First Quality Sausage House

When randomly driving through Safety Harbor a few months back (I think we were trying to get around a traffic backup), the family and I happened to pass by a squat yellow building festooned with national flags, a sight that reminded me of various ethnic food businesses scattered throughout old immigrant neighborhoods up North. Upon further investigation, I determined that this place was, in fact, a Hungarian butcher shop, clandestinely tucked away in the industrial part of town. Being part Bohemian (at least according to stories from my ancestors), I find it difficult to pass up the opportunity to purchase cured and smoked meats from the Motherland, so I decided to stop in one day after volunteering at the church food pantry to check our their wares.

The First Quality Sausage House (605 9th Ave. North) is situated across the street from the railroad tracks and surrounded by what appears to be miles of chain-link fence separating it from adjacent blue-collar operations (metal shops?); in other words, you pretty much have to be seeking it out to find it. Once inside, the enticing aroma of fresh sausages snaps you to attention.

The retail portion of the building is very modest (the kitchen in back takes up a lot of space), consisting of a few deli cases, a walk-in cooler, some shelves of sauerkraut/jams, and the cash register. What it lacks in stature, however, is compensated for by the staggering variety of meat offerings on sale: all manner of sausages (brats, polish, knockwurst, blood sausages), lunchmeats (bologna, salami, headcheese), smoked ribs, bacon, hams, and liverwurst, much of it made in-house from the owner's family recipes - these people are not messing around. On my initial visit, the lady behind the counter let me sample some of the house fried bacon (my eyes nearly rolled up into the back of my head - was that both the loin and the belly?) and happily sliced me a half-pound of garlic bologna to take home. When combined with a hunk of crusty bread, some cherry and cheese strudel (also prepared on-site), and some ground pork-stuffed cabbage to go, I had the makings of a great meal.

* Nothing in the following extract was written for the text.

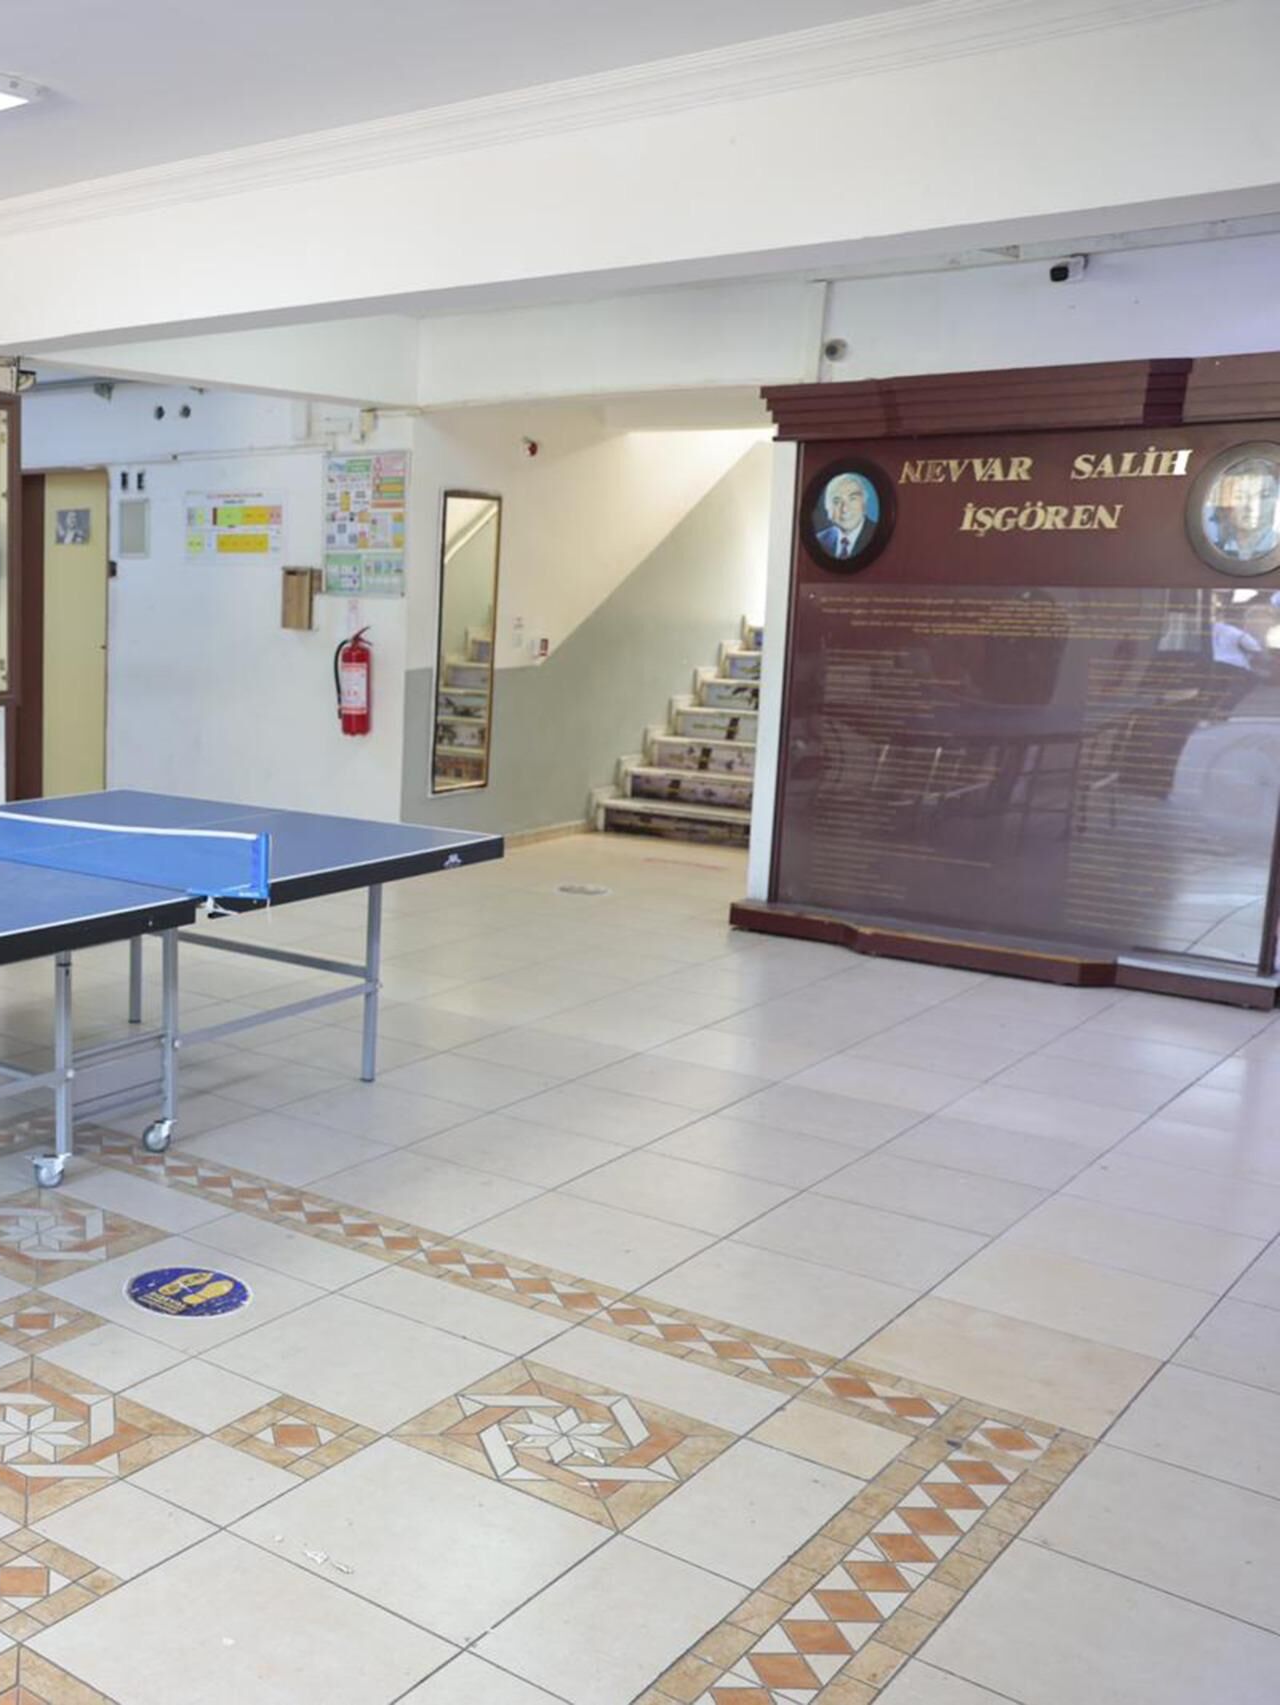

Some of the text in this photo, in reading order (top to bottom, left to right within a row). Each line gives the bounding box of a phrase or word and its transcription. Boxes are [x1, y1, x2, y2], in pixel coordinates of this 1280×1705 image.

What about the sausages, you say? Well, I snagged several of those on a subsequent trip, picking up a sackful of polish, hungarian (smoked and vibrant red with paprika, but not in an overpowering way), and their last bratwurst of the day for a cookout at home, all of which were enjoyed and continue to be enjoyed in leftover form. My neighbor down the street swears that I need to try out their "pig salami", which I plan on doing sometime in the near future, along with a healthy (by that I mean size, not body condition) dose of fried bacon pieces for the road. It is now my fervent belief that everyone should have ready access to a Central European butcher shop...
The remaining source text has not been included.